Where improvements were identified, the Trust were given 1 month to ensure all actions were complete when told they ‘must' make improvements in specific areas.

Regionally there were workforce concerns including with consultants, however the Trust had a robust nurse recruitment policy.

Issues discussed were:

- Inspections around adult provision when discharged from hospital looking at family in place and mental capacity.

- Was enforcement in place to ensure actions were completed when Providers were given repeated ‘requires improvement' ratings? It was noted that some issues identified that led to such a rating were more serious than others, and different issues may be identified on different inspections. Alongside the overall ratings there was a sliding scale of potential enforcement action available to the CQC.

- Teams would work closely with Care Homes to rectify any issues identified with CQC as soon as possible. However, until further inspection the ‘requires improvement' rating would remain.

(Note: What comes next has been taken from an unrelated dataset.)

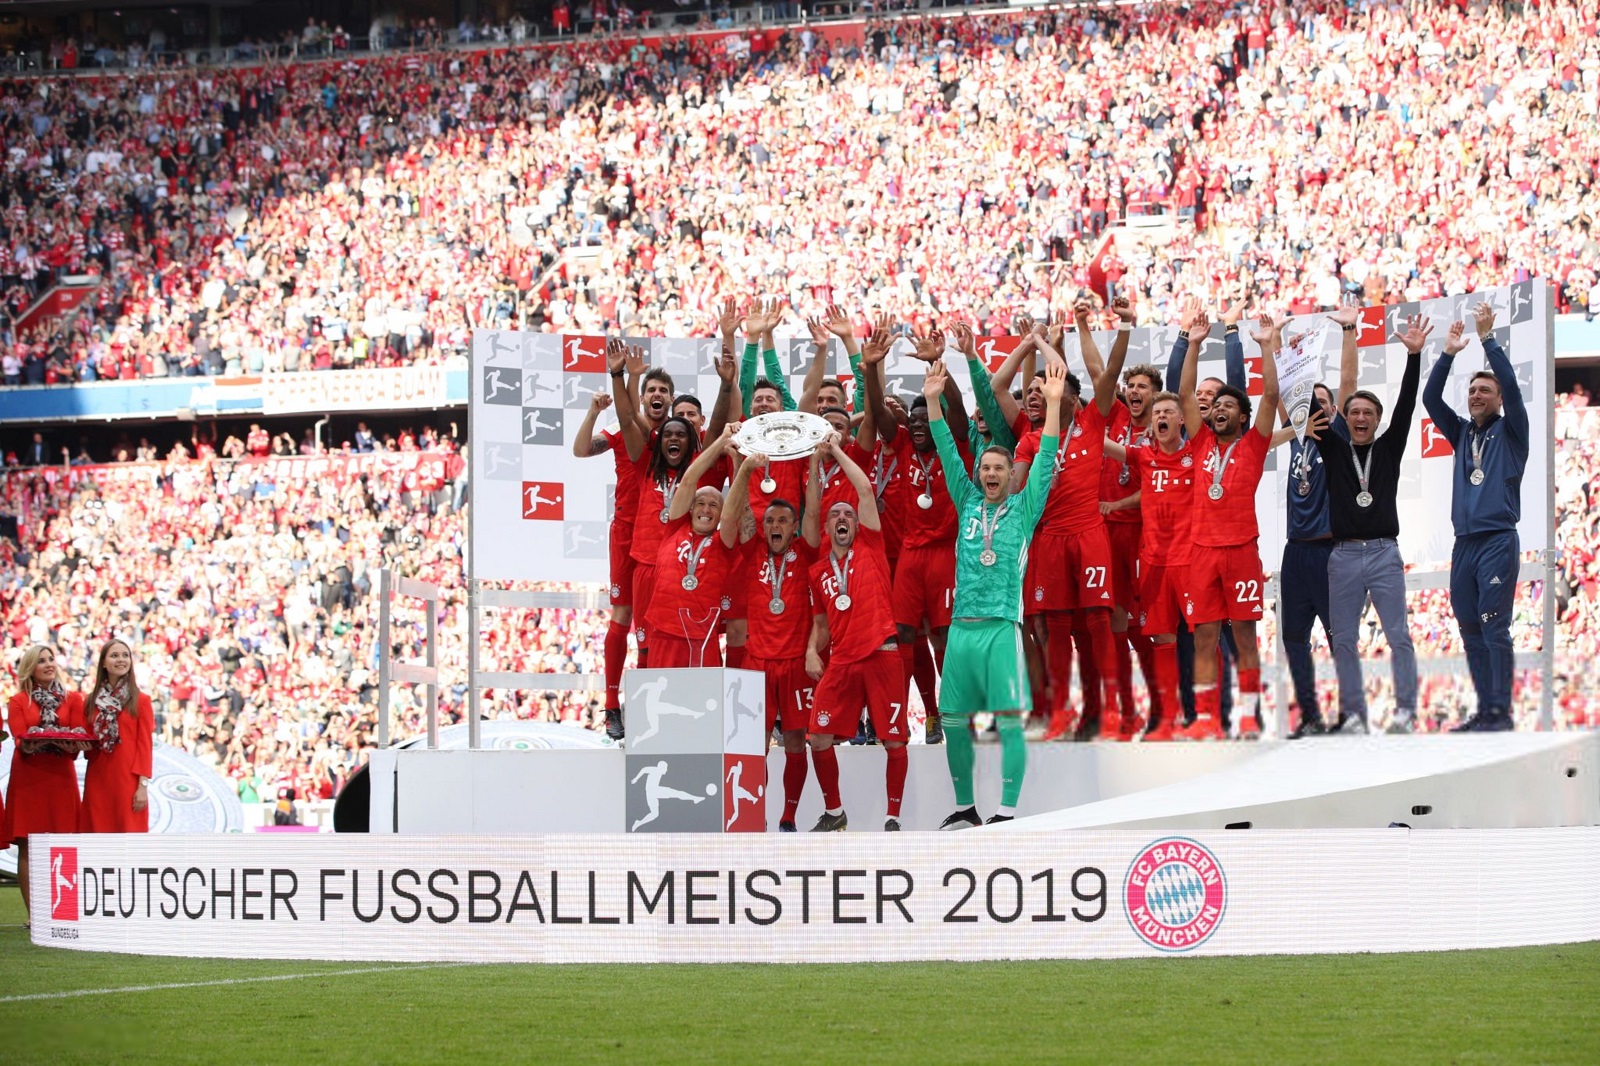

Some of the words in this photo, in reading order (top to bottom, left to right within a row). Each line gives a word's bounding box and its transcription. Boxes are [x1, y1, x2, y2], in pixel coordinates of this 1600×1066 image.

- Assurance was given around effective challenge.
ASH
64/18
Members were presented with an overview of Quality Assurance & Improvement Update. The key issues for the service were highlighted together with emerging issues as follows:
• The Quality Assurance and Improvement Standards Framework was reviewed in July 2018 to ensure quality was delivered around Services.
• The team have been restructured with a dedicated team of 4 Officers responsible for quality assurance and compliance to support the service with a hands on approach with providers needing support.
• The issue would determine contract management support of the service, the offer time could be increased if required. Weekly visits would be escalated to work through any issues apparent and Action plans would be in place and support would be given to the provider to action.
• A Quality Assessment Framework Tool (PAMMS) was now used which made the annual assessment process with regulated services leaner, it provides results in real time.

In addition to contract compliance, steps had been taken to work with providers to improve the quality of local services.

• This included the development of Provider Forums split into: Care Home Owners, Care Home Registered Managers, Home Care. The intention was for these to enable the service to be more interactive with more engagement with providers, and problem solving and solution focussed. Providers were asked to share good practice through these groups.

• Transformation Managers had been appointed to lead on service developments and improvements. These would work closely with the Quality Assurance Team and focus on good practice, and using the client voice.

• The CQC had pledged to check whether local providers were taking part in these initiatives when they inspect.
ASH
65/18
Members received information regarding the Quarter 2 CQC Inspection Update from Kerry Anderson, Procurement Manager, Adults, Public Health, Children and Young People which included:
• Inspection of Care Homes were carried out between July and September 2018 inclusive.
• Sixteen Adult Care services were inspected; 7 were rated ‘good', 9 were rated ‘requires improvement'.

Issues discussed were:

- Families and residents were notified of the result of an inspection; providers must display the rating and outcome.

- The Local Authority Officer would review the progress of the provider in a supportive manner.
ASH
66/18
The Scrutiny Officer informed members the latest meeting of the Tees Valley Joint Health Committee had taken place earlier that day and included an update on suicide prevention and ambulance services.

The STP Committee's next steps would be to review new proposals for service change in the new year.